------ Recorded information ------

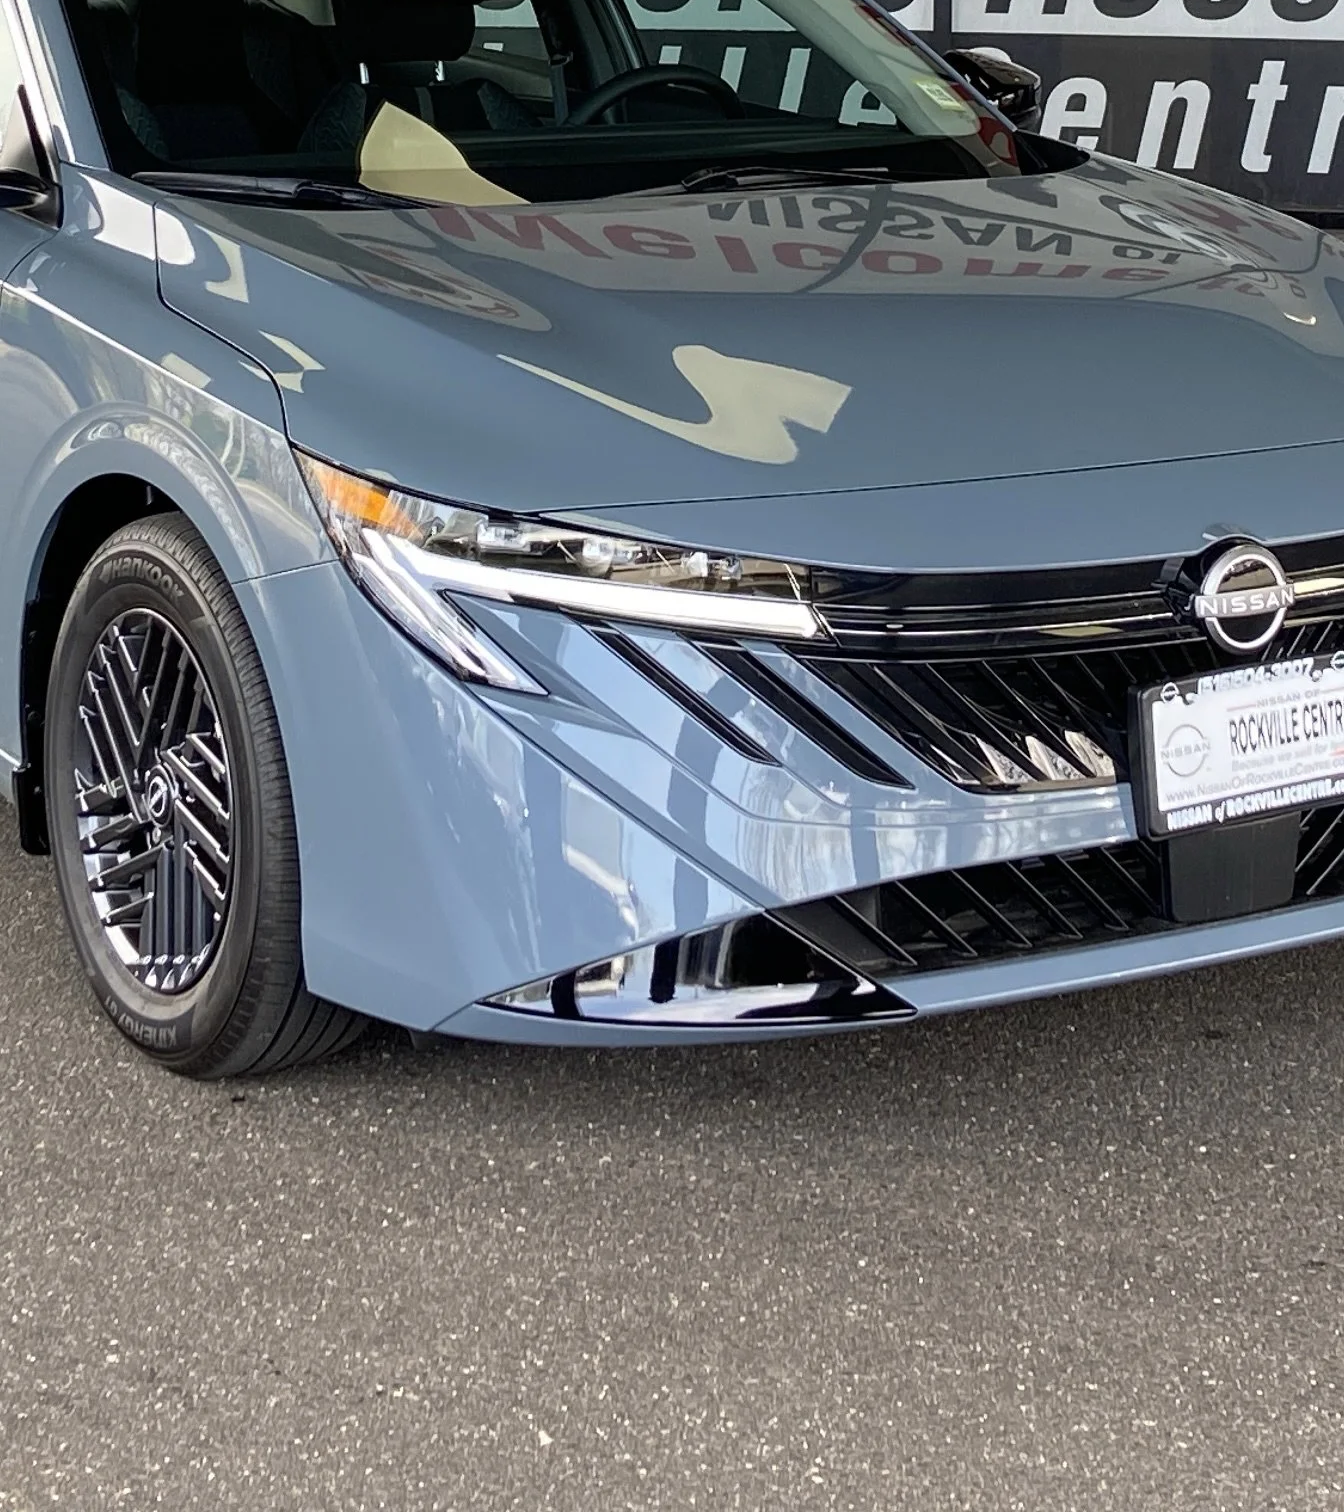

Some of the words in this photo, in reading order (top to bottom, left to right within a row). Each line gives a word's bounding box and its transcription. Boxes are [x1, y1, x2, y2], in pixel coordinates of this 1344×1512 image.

[1200, 585, 1295, 615] NISSAN
[1257, 692, 1301, 707] NISSAN
[1228, 707, 1300, 756] ROCKVILLE
[1161, 741, 1212, 759] NISSAN
[1167, 804, 1213, 830] NISSAN
[1215, 801, 1226, 822] of

------

* _Activity_
Omitting all images, print the listing exactly.

* _Result below_
Some of the words in this photo, in reading order (top to bottom, left to right within a row). Each line gives a word's bounding box and its transcription. Boxes are [x1, y1, x2, y2], in pixel coordinates of this 1344×1512 image.

[1200, 585, 1295, 615] NISSAN
[1257, 692, 1301, 707] NISSAN
[1228, 707, 1300, 756] ROCKVILLE
[1161, 741, 1212, 759] NISSAN
[1167, 804, 1213, 830] NISSAN
[1215, 801, 1226, 822] of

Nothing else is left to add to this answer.